:: Records for this exercise ::
***

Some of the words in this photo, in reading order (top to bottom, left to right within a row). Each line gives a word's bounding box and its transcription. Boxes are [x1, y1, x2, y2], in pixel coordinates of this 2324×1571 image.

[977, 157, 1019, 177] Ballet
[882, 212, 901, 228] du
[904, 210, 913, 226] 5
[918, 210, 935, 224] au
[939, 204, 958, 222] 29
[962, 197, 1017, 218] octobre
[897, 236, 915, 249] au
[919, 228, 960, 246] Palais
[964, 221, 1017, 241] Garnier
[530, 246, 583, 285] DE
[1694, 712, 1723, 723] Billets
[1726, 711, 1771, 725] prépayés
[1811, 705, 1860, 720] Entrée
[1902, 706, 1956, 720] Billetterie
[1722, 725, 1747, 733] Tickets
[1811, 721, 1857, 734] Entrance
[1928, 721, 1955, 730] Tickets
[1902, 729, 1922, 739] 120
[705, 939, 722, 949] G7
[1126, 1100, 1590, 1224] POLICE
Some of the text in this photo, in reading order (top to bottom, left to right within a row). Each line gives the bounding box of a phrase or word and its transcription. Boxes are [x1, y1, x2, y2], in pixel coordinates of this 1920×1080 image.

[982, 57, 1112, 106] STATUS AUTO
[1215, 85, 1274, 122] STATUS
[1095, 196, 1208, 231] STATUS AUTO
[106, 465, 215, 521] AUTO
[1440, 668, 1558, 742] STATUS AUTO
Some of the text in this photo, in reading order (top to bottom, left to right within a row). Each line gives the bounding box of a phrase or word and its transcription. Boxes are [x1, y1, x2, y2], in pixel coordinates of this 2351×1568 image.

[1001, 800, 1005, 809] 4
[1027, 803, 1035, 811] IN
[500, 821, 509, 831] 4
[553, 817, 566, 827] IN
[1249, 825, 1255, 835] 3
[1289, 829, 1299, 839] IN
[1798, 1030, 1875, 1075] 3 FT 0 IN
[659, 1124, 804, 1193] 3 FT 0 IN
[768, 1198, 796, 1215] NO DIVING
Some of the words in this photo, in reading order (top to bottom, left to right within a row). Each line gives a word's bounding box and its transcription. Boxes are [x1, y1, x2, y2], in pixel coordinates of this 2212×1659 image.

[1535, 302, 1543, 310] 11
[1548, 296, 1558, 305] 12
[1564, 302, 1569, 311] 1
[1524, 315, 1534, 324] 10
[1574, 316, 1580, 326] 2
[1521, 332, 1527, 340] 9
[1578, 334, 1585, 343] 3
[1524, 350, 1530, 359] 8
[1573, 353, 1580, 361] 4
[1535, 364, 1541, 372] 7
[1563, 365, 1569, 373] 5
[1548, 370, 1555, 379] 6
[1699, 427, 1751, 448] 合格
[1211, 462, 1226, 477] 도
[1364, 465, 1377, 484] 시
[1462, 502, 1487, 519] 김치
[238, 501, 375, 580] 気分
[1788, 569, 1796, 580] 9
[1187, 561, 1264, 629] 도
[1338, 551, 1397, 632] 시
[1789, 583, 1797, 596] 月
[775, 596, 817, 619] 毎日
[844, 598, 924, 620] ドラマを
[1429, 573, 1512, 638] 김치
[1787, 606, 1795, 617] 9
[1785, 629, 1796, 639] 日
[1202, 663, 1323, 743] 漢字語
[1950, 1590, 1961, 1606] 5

***

:: Task ::
Copy out the data in full, exactly.

:: Exercise result ::
Some of the words in this photo, in reading order (top to bottom, left to right within a row). Each line gives a word's bounding box and its transcription. Boxes are [x1, y1, x2, y2], in pixel coordinates of this 2324×1571 image.

[977, 157, 1019, 177] Ballet
[882, 212, 901, 228] du
[904, 210, 913, 226] 5
[918, 210, 935, 224] au
[939, 204, 958, 222] 29
[962, 197, 1017, 218] octobre
[897, 236, 915, 249] au
[919, 228, 960, 246] Palais
[964, 221, 1017, 241] Garnier
[530, 246, 583, 285] DE
[1694, 712, 1723, 723] Billets
[1726, 711, 1771, 725] prépayés
[1811, 705, 1860, 720] Entrée
[1902, 706, 1956, 720] Billetterie
[1722, 725, 1747, 733] Tickets
[1811, 721, 1857, 734] Entrance
[1928, 721, 1955, 730] Tickets
[1902, 729, 1922, 739] 120
[705, 939, 722, 949] G7
[1126, 1100, 1590, 1224] POLICE
Some of the text in this photo, in reading order (top to bottom, left to right within a row). Each line gives the bounding box of a phrase or word and its transcription. Boxes are [x1, y1, x2, y2], in pixel coordinates of this 1920×1080 image.

[982, 57, 1112, 106] STATUS AUTO
[1215, 85, 1274, 122] STATUS
[1095, 196, 1208, 231] STATUS AUTO
[106, 465, 215, 521] AUTO
[1440, 668, 1558, 742] STATUS AUTO
Some of the text in this photo, in reading order (top to bottom, left to right within a row). Each line gives the bounding box of a phrase or word and its transcription. Boxes are [x1, y1, x2, y2], in pixel coordinates of this 2351×1568 image.

[1001, 800, 1005, 809] 4
[1027, 803, 1035, 811] IN
[500, 821, 509, 831] 4
[553, 817, 566, 827] IN
[1249, 825, 1255, 835] 3
[1289, 829, 1299, 839] IN
[1798, 1030, 1875, 1075] 3 FT 0 IN
[659, 1124, 804, 1193] 3 FT 0 IN
[768, 1198, 796, 1215] NO DIVING
Some of the words in this photo, in reading order (top to bottom, left to right within a row). Each line gives a word's bounding box and its transcription. Boxes are [x1, y1, x2, y2], in pixel coordinates of this 2212×1659 image.

[1535, 302, 1543, 310] 11
[1548, 296, 1558, 305] 12
[1564, 302, 1569, 311] 1
[1524, 315, 1534, 324] 10
[1574, 316, 1580, 326] 2
[1521, 332, 1527, 340] 9
[1578, 334, 1585, 343] 3
[1524, 350, 1530, 359] 8
[1573, 353, 1580, 361] 4
[1535, 364, 1541, 372] 7
[1563, 365, 1569, 373] 5
[1548, 370, 1555, 379] 6
[1699, 427, 1751, 448] 合格
[1211, 462, 1226, 477] 도
[1364, 465, 1377, 484] 시
[1462, 502, 1487, 519] 김치
[238, 501, 375, 580] 気分
[1788, 569, 1796, 580] 9
[1187, 561, 1264, 629] 도
[1338, 551, 1397, 632] 시
[1789, 583, 1797, 596] 月
[775, 596, 817, 619] 毎日
[844, 598, 924, 620] ドラマを
[1429, 573, 1512, 638] 김치
[1787, 606, 1795, 617] 9
[1785, 629, 1796, 639] 日
[1202, 663, 1323, 743] 漢字語
[1950, 1590, 1961, 1606] 5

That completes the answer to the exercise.